Good morning Treesa and Phil

Phil, you've got me a little sppoked. Florence Nightingale, I am not. BUt I think given my resources that I am doing good by this little guy. He just doens't seem like a stressed bird. As I said, quite fiesty.

The rabbit hutch he is in is protected from the elements. Out of the wind and rain (what rain? We're in California's central valley remember, it's not rainy yet.) And where I can monitor him from here (computer). 

The back and top of the hutch is solid, the bottom is small gauge grating with a metal catch pan a few inches below is. I've got the front and far side draped with thick carpets and towels and the near side draped but with the bottom five inches clear for daytime light and so he can see out. Keeping the hutch draped seems to keep him calm and stops him from trying to get out. 

I had undraped the hutch this morning and he did hurt (the defeathered wing) himself fluttering around. I feel really bad. Should have known better. I wrapped him in a towel and snuggled him gently for 15 minutes. The bleeding stopped and I've redraped the hutch. I will leave it draped. I'm learning.

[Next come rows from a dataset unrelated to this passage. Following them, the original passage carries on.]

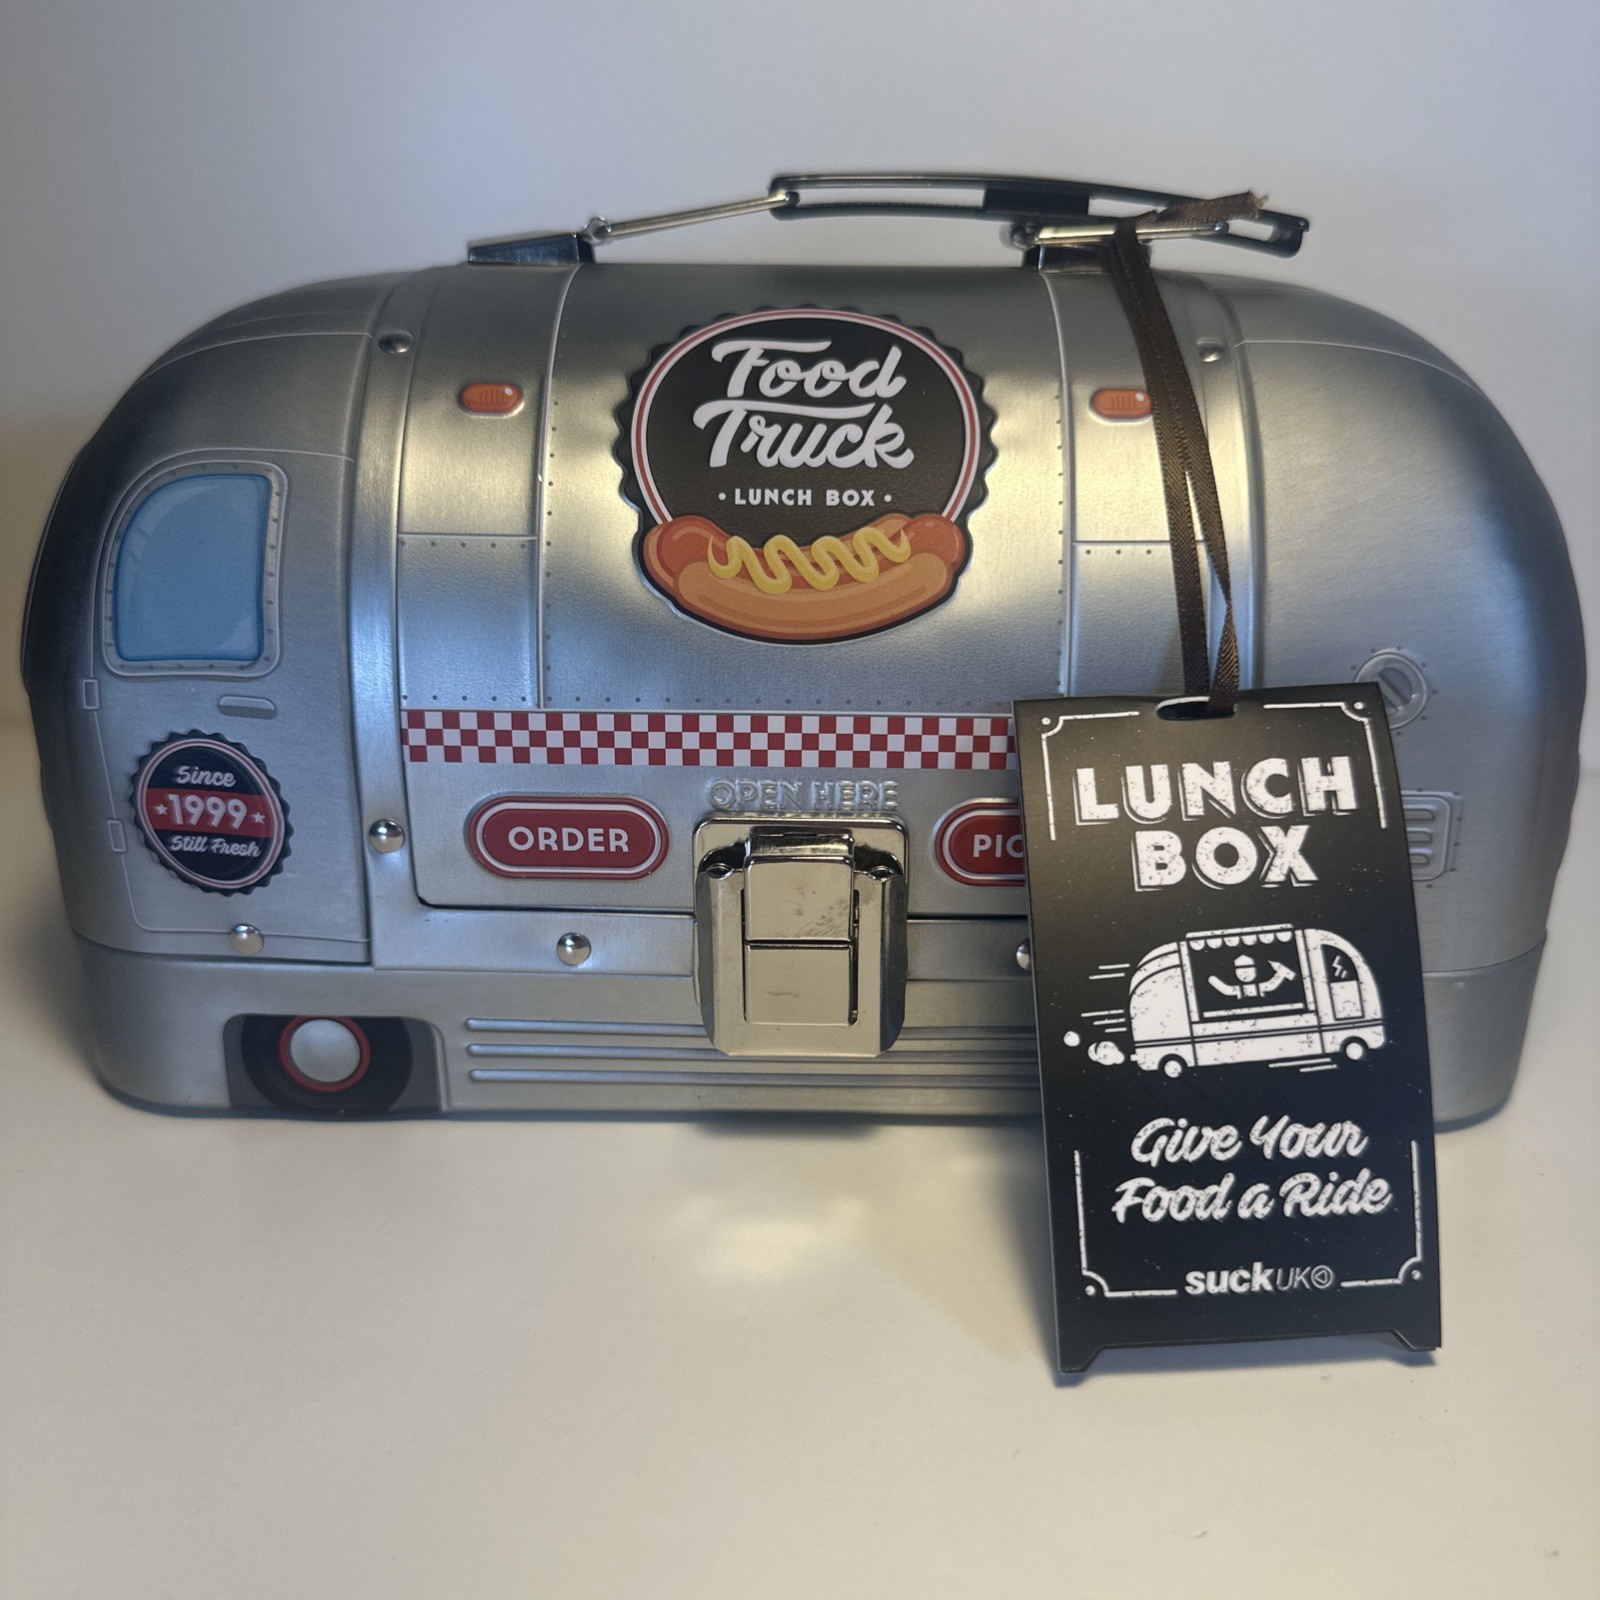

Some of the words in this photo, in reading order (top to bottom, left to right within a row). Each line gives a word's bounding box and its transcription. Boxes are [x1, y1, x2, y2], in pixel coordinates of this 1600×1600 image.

[711, 340, 906, 398] Food
[693, 400, 914, 469] Truck
[735, 489, 812, 506] LUNCH
[826, 489, 875, 507] BOX
[176, 765, 237, 788] Since
[706, 779, 802, 809] OPEN
[811, 779, 900, 810] HERE
[1073, 756, 1357, 826] LUNCH
[167, 794, 248, 830] 1999
[170, 836, 208, 853] Still
[211, 838, 262, 858] Fresh
[507, 826, 630, 853] ORDER
[1131, 824, 1318, 892] BOX
[1131, 1117, 1242, 1167] Give
[1249, 1114, 1369, 1160] Your
[1111, 1172, 1233, 1223] Food
[1237, 1182, 1275, 1219] a
[1279, 1167, 1394, 1218] Ride
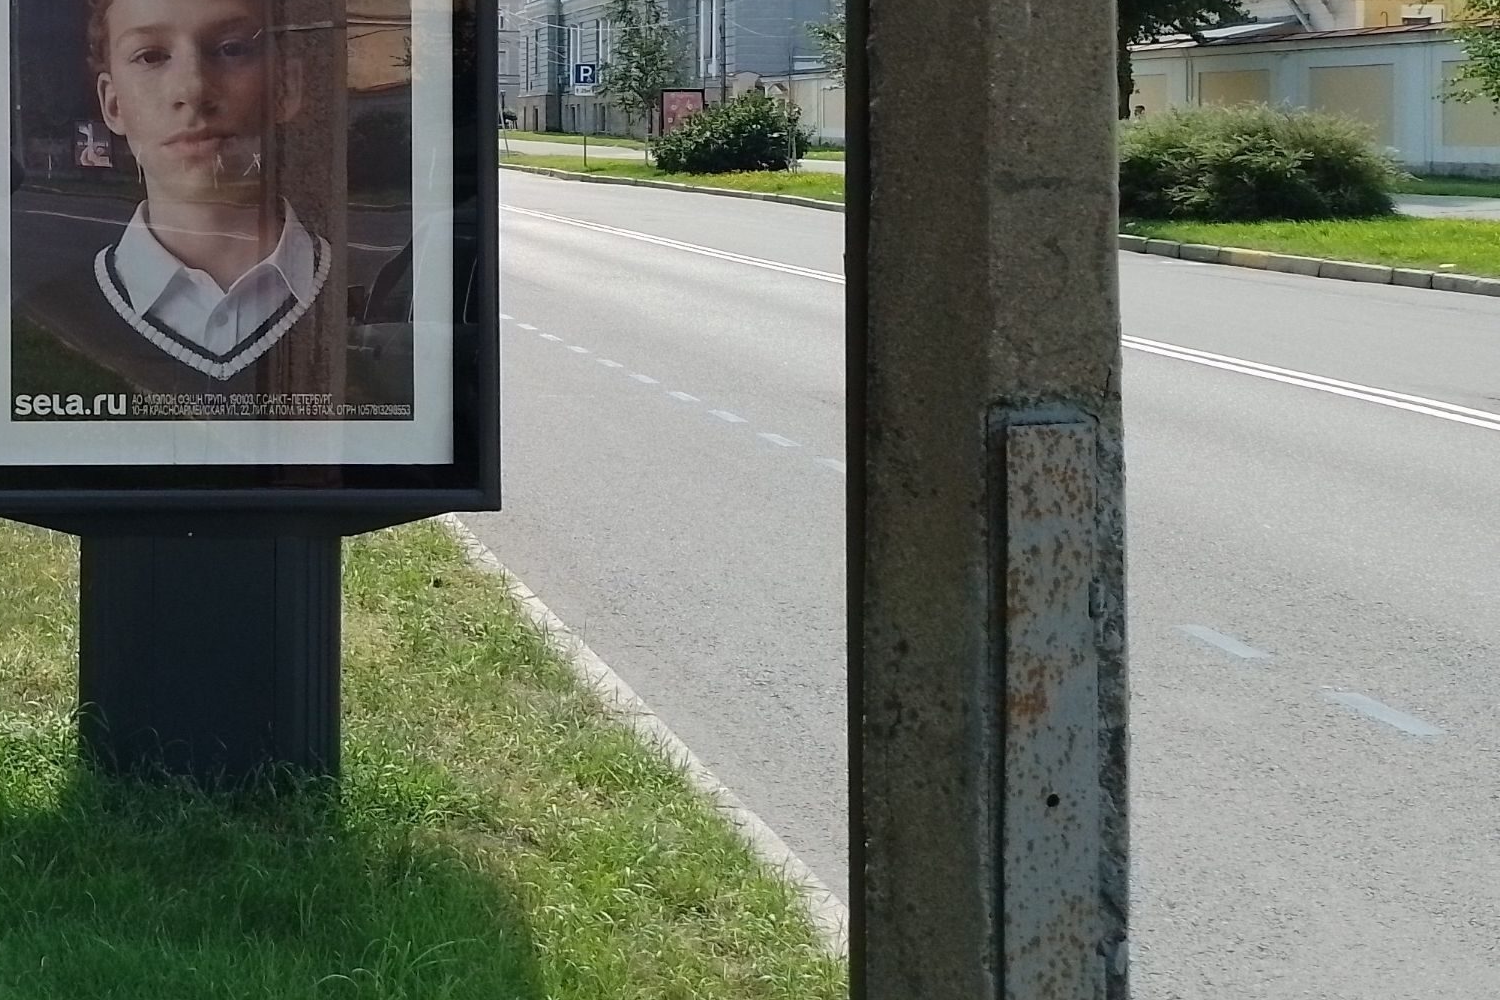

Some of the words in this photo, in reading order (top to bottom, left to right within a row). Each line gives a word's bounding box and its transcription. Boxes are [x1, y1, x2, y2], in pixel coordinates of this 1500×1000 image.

[15, 394, 127, 415] sela.ru
[132, 393, 143, 405] АО
[337, 404, 357, 416] ОГРН

He seems to prefer mixed birdseed to the cracked corn that several sites suggested. Anything else I could feed him for variety?

Annette

I see him grooming himself now.


----------



## Skyeking (Jan 17, 2003)

Hi Annette,

Thanks for all your supportive care of this pigeon.

Pigeons actually need whole corn, and not the cracked corn. We recommend a good seed mix, pigeon mix, with legumes, grains and seeds. A snack of raw unsalted peanuts once in a while is fine.

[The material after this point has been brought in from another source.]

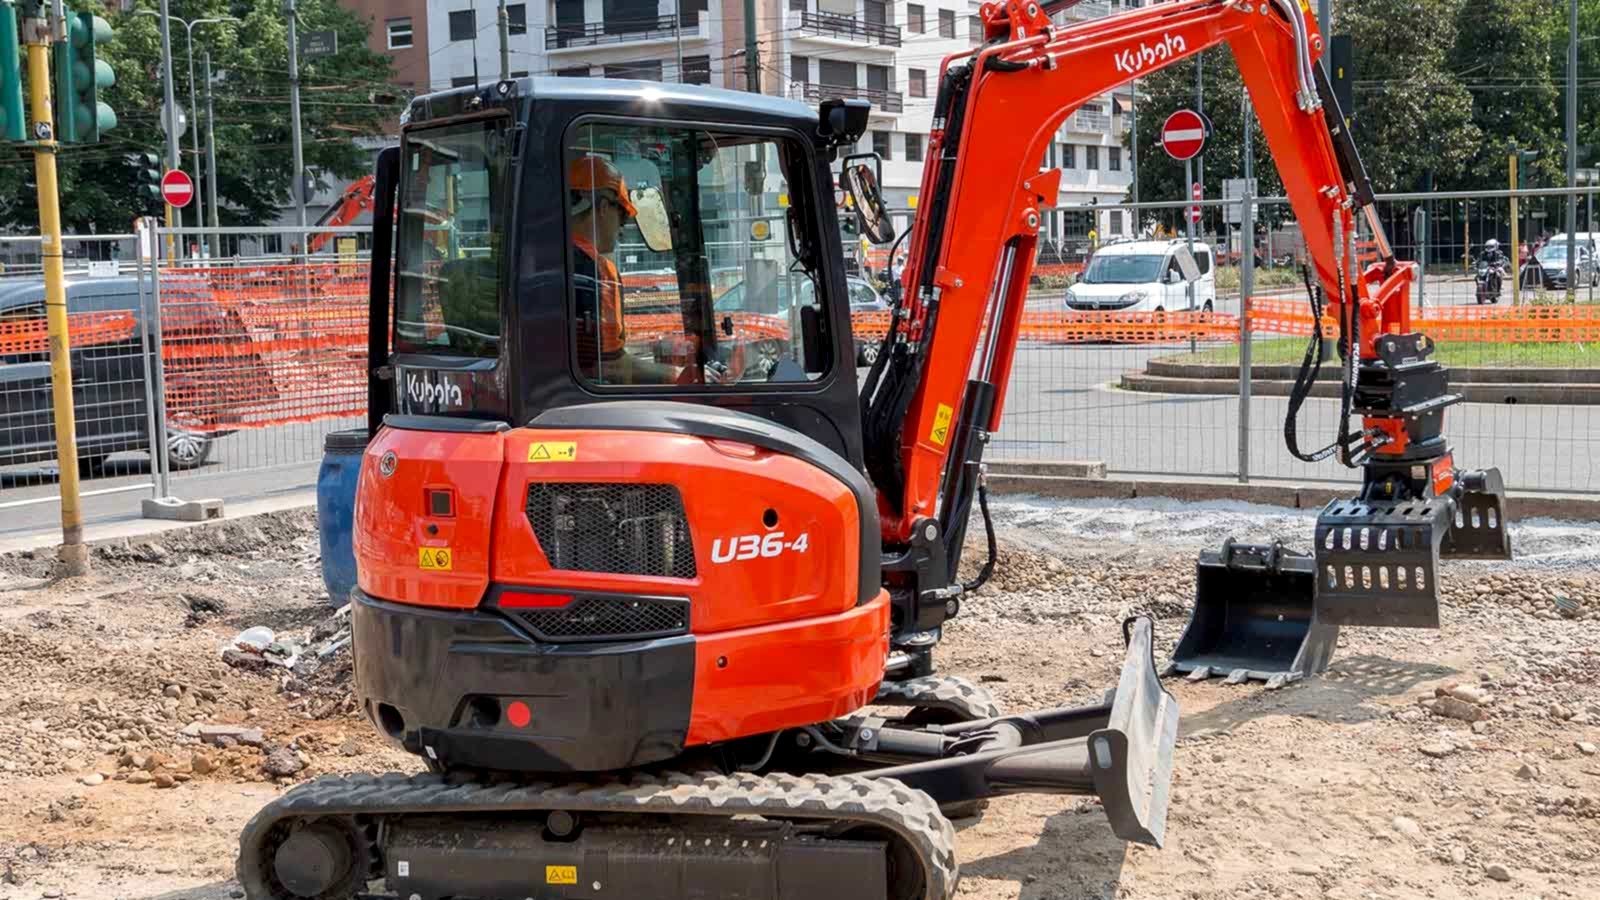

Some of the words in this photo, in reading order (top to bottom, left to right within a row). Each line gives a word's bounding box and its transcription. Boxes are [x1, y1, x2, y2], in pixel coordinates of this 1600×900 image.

[1114, 32, 1186, 74] Kubota
[406, 373, 463, 406] Kubota
[711, 531, 809, 564] U36-4

Here is a site that shows a great pigeon seed mix, just to compare.

http://purgrain.com/ingredients.htm


----------



## pdpbison (Mar 15, 2005)

Hi Annette...!


If you can loace a decent Feed store in your area, they may sell some kind of 'Pigeon Mix' which will contain whole Grains and whole dried Peas and so on, and this would be a good choice for him. Too, get some Grit, which they will sell also, and let him have a little bowl of Grit next to his bowl of Seeds.

Still set up a heating pad if you can for him in his Hutch-Cage, and maybe add that cardboard box on it's side so he can not get so much of a running start for hurling...or even take some cardboard and block off some of the extra room in the cage's length.

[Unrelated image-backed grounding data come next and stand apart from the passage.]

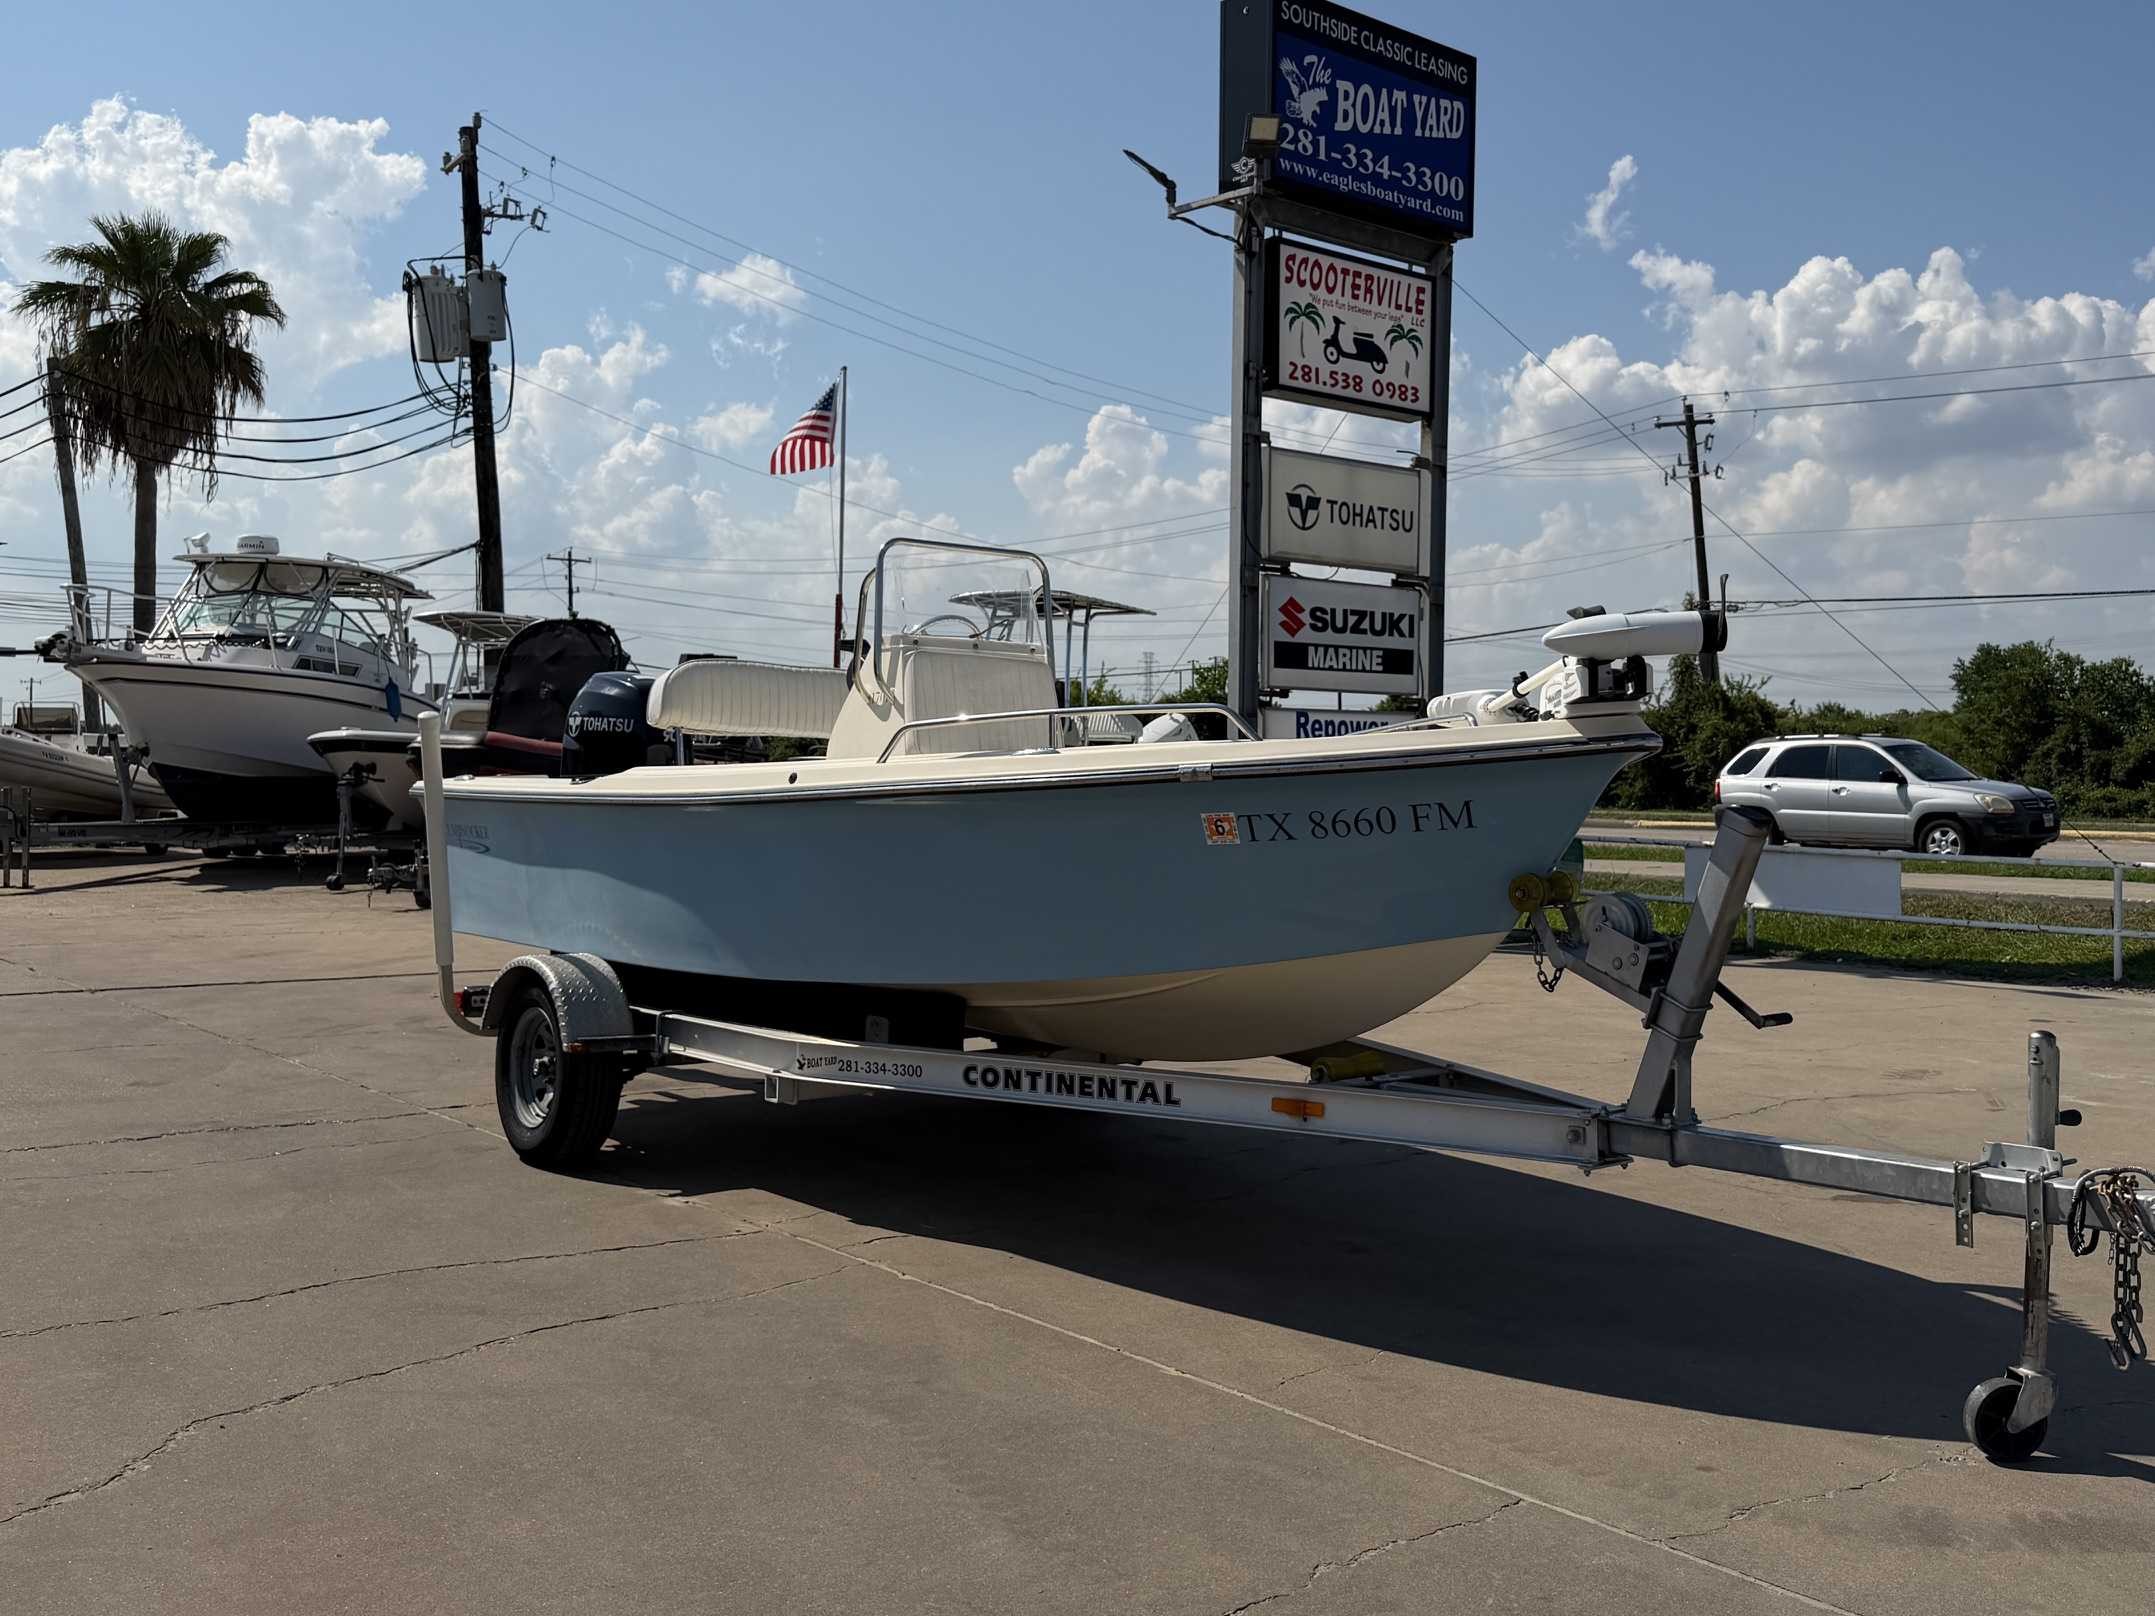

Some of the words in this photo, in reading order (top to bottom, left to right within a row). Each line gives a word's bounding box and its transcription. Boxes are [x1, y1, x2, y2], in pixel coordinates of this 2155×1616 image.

[1281, 1, 1358, 46] SOUTHSIDE
[1361, 31, 1412, 66] CLASSIC
[1415, 50, 1468, 85] LEASING
[1303, 55, 1332, 84] The
[1334, 79, 1407, 136] BOAT
[1413, 94, 1465, 139] YARD
[1280, 123, 1464, 201] 281-334-3300
[1279, 157, 1464, 222] www.eaglesboatyard.com
[1284, 253, 1426, 316] SCOOTERVILLE
[1410, 316, 1425, 328] LLC
[1372, 379, 1420, 404] 0983
[1326, 499, 1414, 533] TOHATSU
[1309, 606, 1415, 638] SUZUKI
[1307, 646, 1383, 672] MARINE
[583, 717, 634, 733] TOHATSU
[1214, 818, 1225, 836] 6
[1237, 812, 1298, 842] TX
[1308, 805, 1397, 840] 8660
[1408, 800, 1478, 833] FM
[807, 1057, 823, 1069] BOAT
[838, 1059, 923, 1078] 281-334-3300
[962, 1065, 1182, 1107] CONTINENTAL

The draping of the outside of course is very good for several reasons, but he will benifit from direct Sunshine, so, see if you can undrape some of it for a while each day for the Sun to shine on him directly.

Make sure to scrub his Water dish and replenish at least every other day, do not just add water to it, but scrub it out well.

For his drinking Water, you can mix one tablespoon of raw Apple Cider Vinegar to a Gallon of Water, and use that for his drinking Water. This will be good for him and helps combat a wide range of bacteria and molds and so on.

...does this Bird have frosty 'white' fleshy-parts where his Beak meets his forehead?

Are there any non-feathered parts on his front? Like a little patch in the middle where you can see his skin there?

Anyway, these can indicate a not yet adult Pigeon who was newly on his own...

Likely our weather now is similar, I am in Las Vegas, Nevada...


Phil
Las Vegas


----------



## Annette MacKay (Nov 16, 2005)

*The Foundling*

Hi Phil

>If you can loace a decent Feed store in your area, they may sell some kind of 'Pigeon Mix' which will contain whole Grains and whole dried Peas and so on, and this would be a good choice for him. Too, get some Grit, which they will sell also, and let him have a little bowl of Grit next to his bowl of Seeds.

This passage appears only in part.